Nelayan Cilacap yang Tenggelam Ditemukan Meninggal

Editor: Mahadeva

454

CILACAP – Seorang nelayan dari Kabupaten Cilacap yang hilang Selasa (5/2/2019) akhirnya ditemukan Tim Basarnas Pos Cilacap, Rabu (6/2/2019). Korban ditemukan di sekitar TKP perahu terbalik karena membentur karang.

Koordinator Basarnas Pos Cilacap, Moel Wahyono – Foto Hermiana E Efendi

Saat ditemukan, kondisi korban sudah meninggal dunia. ʺSudah ditemukan oleh tim Basarnas, dan korban sudah meninggal dunia, karena sudah hilang semalaman dan tenggelam. Kita evakuasi, dan jenasahnya diantarkan ke rumah korban,ʺ kata Koordinator Basarnas Pos Cilacap, Moel Wahyono , Rabu (6/2/2019).

Korban meninggal atas nama Girwo, warga Dusun Karangmulya, Desa Ujung Gagak, Kecamatan Kampung Laut, Kabupaten Cilacap. Sebelumnya, sebuah kecelakaan laut  tersebut  terjadi Selasa (5/2/2019), di pantai selatan Pulau Nusakambangan. Lokasi kejadian, berdekatan dengan Pantai Selok. Ada tiga nelayan, yaitu Girwo, Warsito dan Adi di dalam perahu tersebut. Tiba-tiba datang ombak menerjang perahu nelayan sangat keras, perahu nelayan masih bertahan. Namun, saat perahu menabrak batu karang yang berada di sekitar lokasi, perahu tersebut terbalik.

(Baca: https://www.cendananews.com/2019/02/tiga-nelayan-cilacap-alami-laka-laut-satu-masih-hilang.html).

Dengan ditemukannya korban, saat ini Basarnas berkonsentrasi melakukan pencarian terhadap satu nelayan asal Kabupaten Kebumen, yang juga dilaporkan hilang. Basarnas Cilacap menerjunkan satu tim beranggotakan tujuh orang ke Kebumen. ʺKita juga mendapat laporan ada nelayan Kebumen yang hilang. Peristiwanya hampir sama dengan laka laut di Cilacap. Mereka bertiga sedang mencari ikan, perahunya terhantam ombak dan terbalik. Dua diantaranya selamat dan satu nelayan masih hilang,ʺ tandasnya.

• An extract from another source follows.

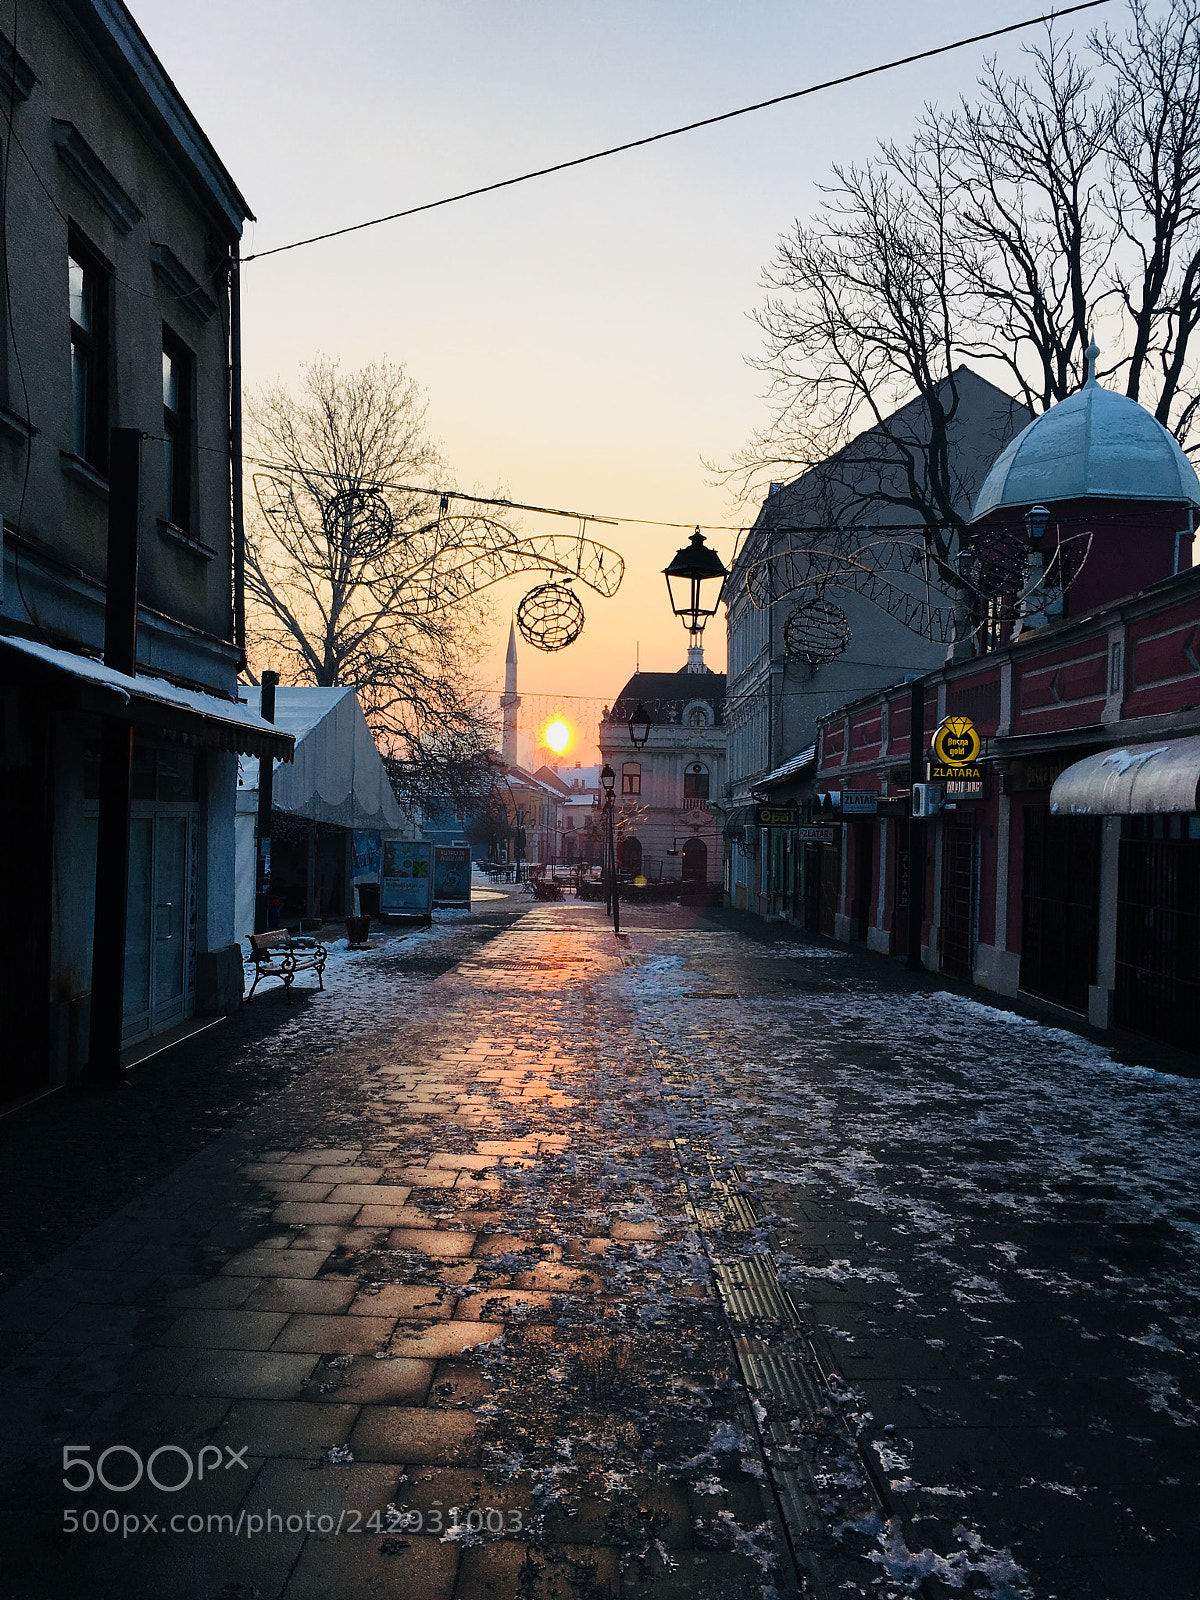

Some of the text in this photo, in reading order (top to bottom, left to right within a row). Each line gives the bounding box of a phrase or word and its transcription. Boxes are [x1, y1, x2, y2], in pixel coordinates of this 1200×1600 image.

Laka laut di Kebumen terjadi di Tempat Pelelangan Ikan (TPI) Tegalretno. Tepatnya, di sebelah timur Pantai Petanahan. Nelayan yang hilang atas nama Sardi (46), warga Desa Tegalretno, Kecamatan Petanahan, Kabupaten Kebumen.

Dalam proses pencarian, Basarnas dibantu oleh Badan Penanggulangan Bencana Daerah (BPBD) Kebumen, SAR Tunas Kelapa, PMI, dan Polsek Petanahan. Basarnas menghimbau agar nelayan berhati-hati saat melaut, dan diminta memperhatikan cuaca, sebab saat ini ombak besar kerap datang tiba-tiba.

Lihat juga...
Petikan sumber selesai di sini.